**Try it**
Leave out the pictures and copy each record below exactly.

Extracted material: Begin

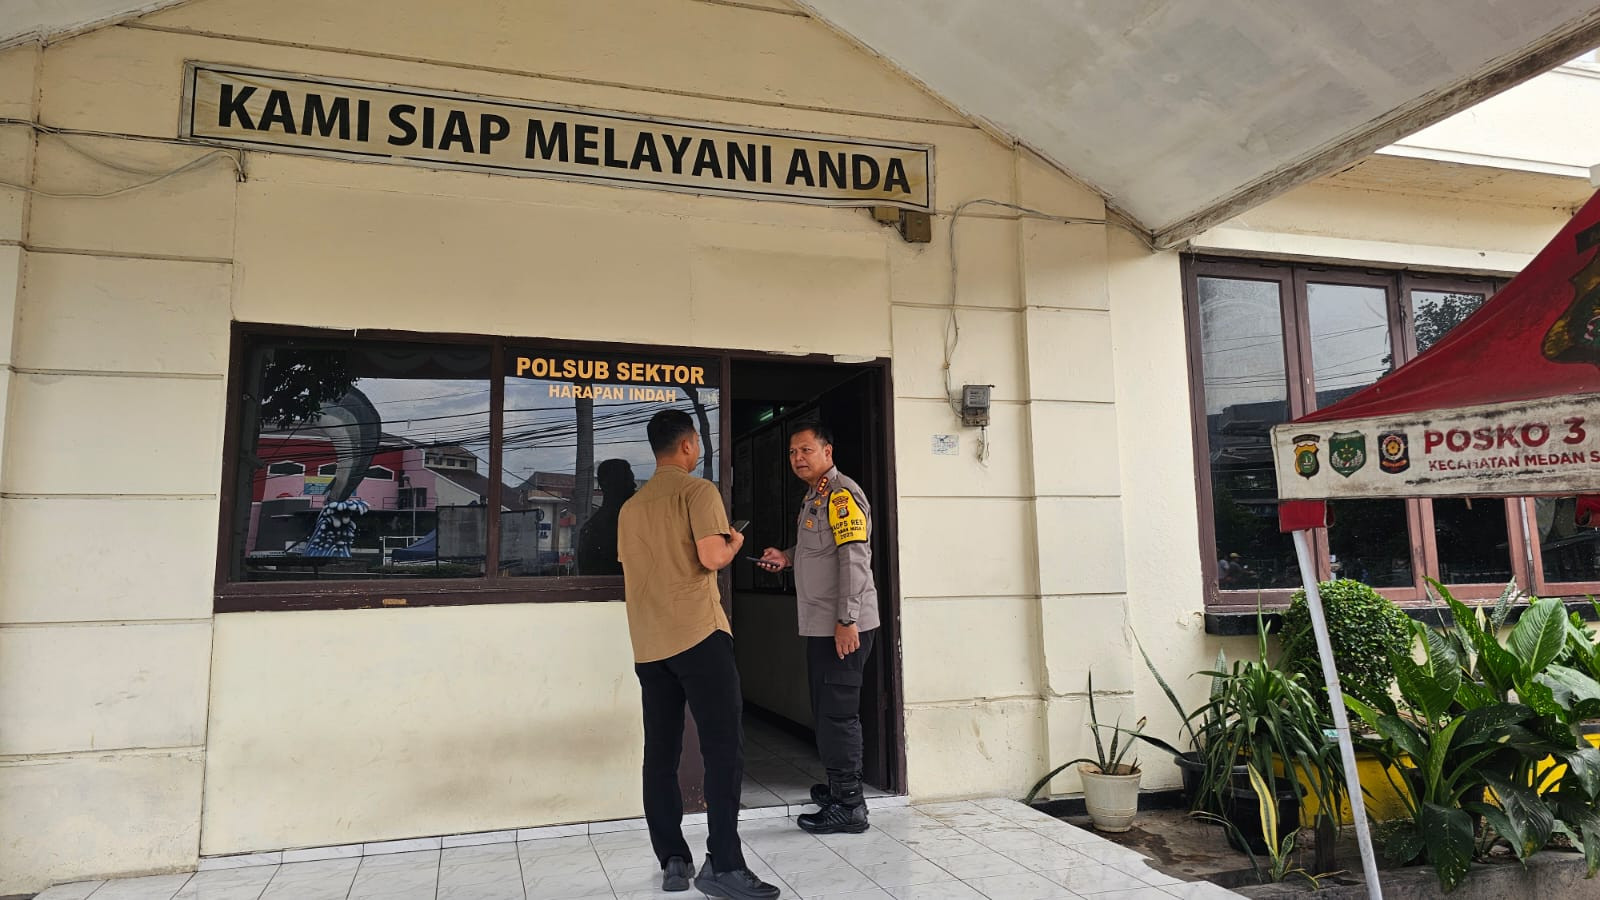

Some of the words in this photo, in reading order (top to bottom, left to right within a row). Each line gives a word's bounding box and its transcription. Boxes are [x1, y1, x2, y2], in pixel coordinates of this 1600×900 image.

[218, 84, 370, 142] KAMI
[388, 104, 510, 155] SIAP
[525, 119, 771, 183] MELAYANI
[785, 148, 911, 194] ANDA
[516, 357, 609, 380] POLSUB
[616, 362, 704, 384] SEKTOR
[549, 384, 624, 400] HARAPAN
[628, 388, 676, 403] INDAH
[1424, 424, 1550, 454] POSKO
[1563, 416, 1586, 445] 3
[1428, 456, 1520, 471] KECAMATAN
[1524, 451, 1586, 466] MEDAN
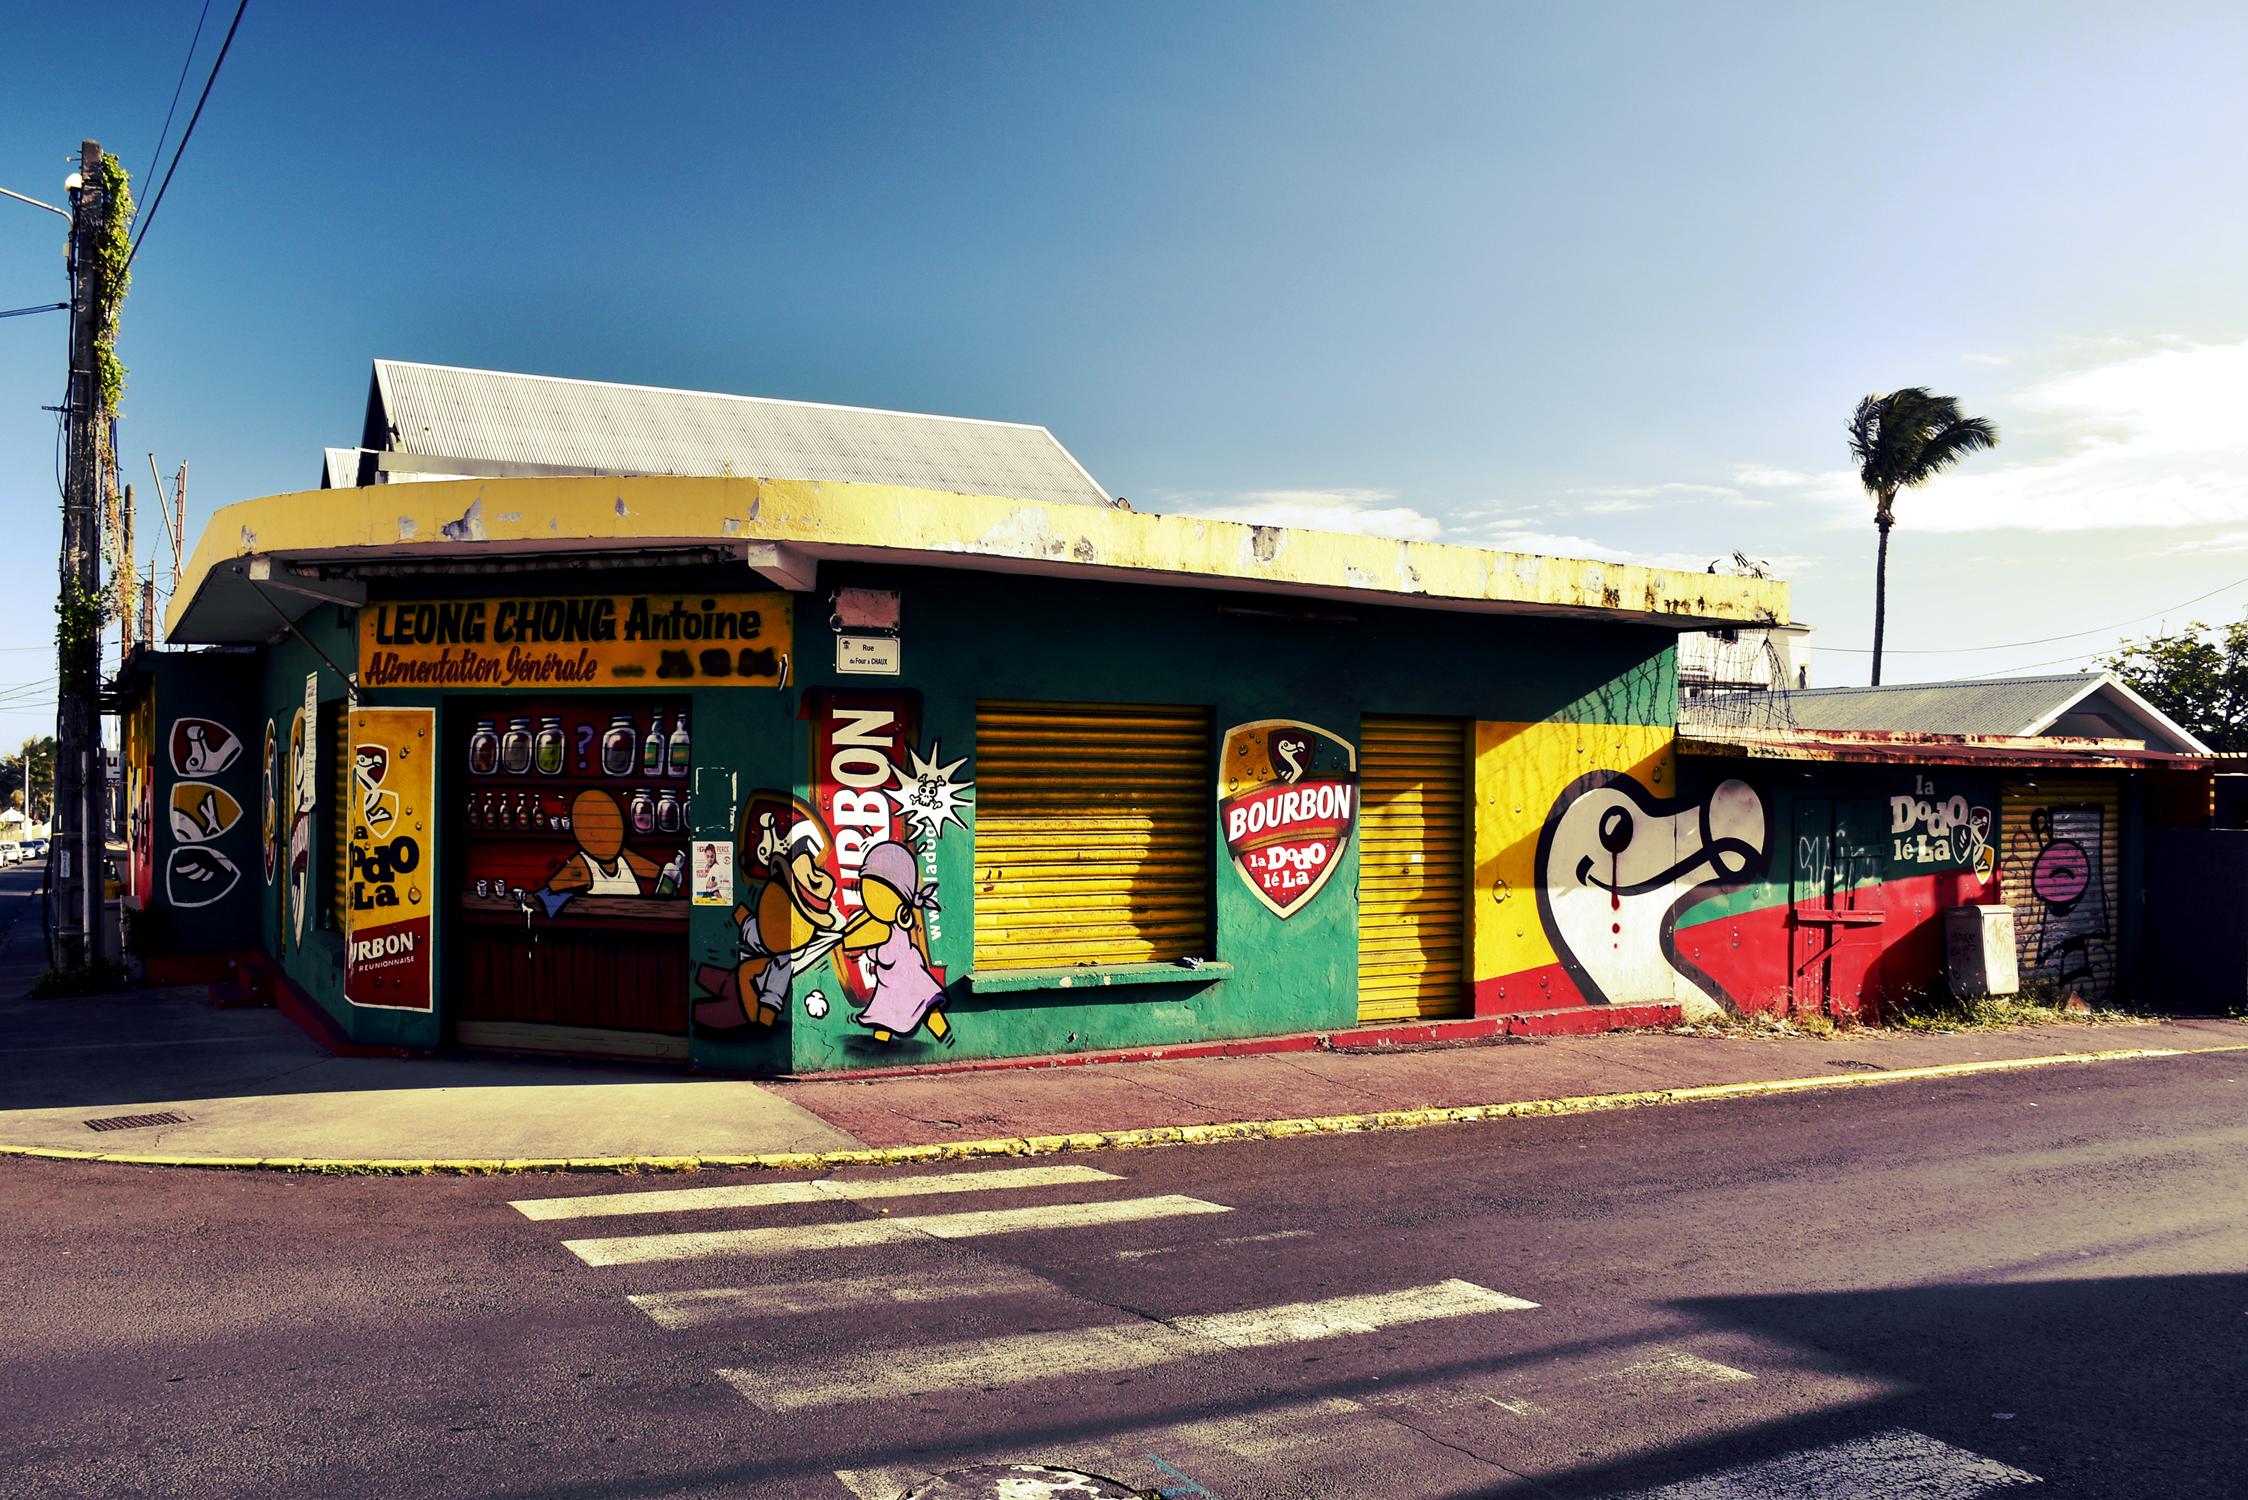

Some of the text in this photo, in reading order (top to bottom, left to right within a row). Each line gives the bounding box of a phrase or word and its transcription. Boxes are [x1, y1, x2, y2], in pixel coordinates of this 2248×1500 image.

[376, 597, 762, 645] LEONG CHONG Antoine
[862, 644, 875, 652] Rue
[365, 649, 501, 686] Alimentation
[500, 646, 598, 687] Générale
[855, 657, 867, 665] Four
[1915, 774, 1936, 795] la
[1228, 784, 1352, 843] BOURBON
[1893, 834, 1951, 863] lé La
[1250, 855, 1267, 868] la
[1263, 869, 1310, 888] lé La

Extracted material: End

**Exercise output**
Some of the words in this photo, in reading order (top to bottom, left to right within a row). Each line gives a word's bounding box and its transcription. Boxes are [x1, y1, x2, y2], in pixel coordinates of this 1600×900 image.

[218, 84, 370, 142] KAMI
[388, 104, 510, 155] SIAP
[525, 119, 771, 183] MELAYANI
[785, 148, 911, 194] ANDA
[516, 357, 609, 380] POLSUB
[616, 362, 704, 384] SEKTOR
[549, 384, 624, 400] HARAPAN
[628, 388, 676, 403] INDAH
[1424, 424, 1550, 454] POSKO
[1563, 416, 1586, 445] 3
[1428, 456, 1520, 471] KECAMATAN
[1524, 451, 1586, 466] MEDAN

Some of the text in this photo, in reading order (top to bottom, left to right within a row). Each line gives the bounding box of a phrase or word and its transcription. Boxes are [x1, y1, x2, y2], in pixel coordinates of this 2248×1500 image.

[376, 597, 762, 645] LEONG CHONG Antoine
[862, 644, 875, 652] Rue
[365, 649, 501, 686] Alimentation
[500, 646, 598, 687] Générale
[855, 657, 867, 665] Four
[1915, 774, 1936, 795] la
[1228, 784, 1352, 843] BOURBON
[1893, 834, 1951, 863] lé La
[1250, 855, 1267, 868] la
[1263, 869, 1310, 888] lé La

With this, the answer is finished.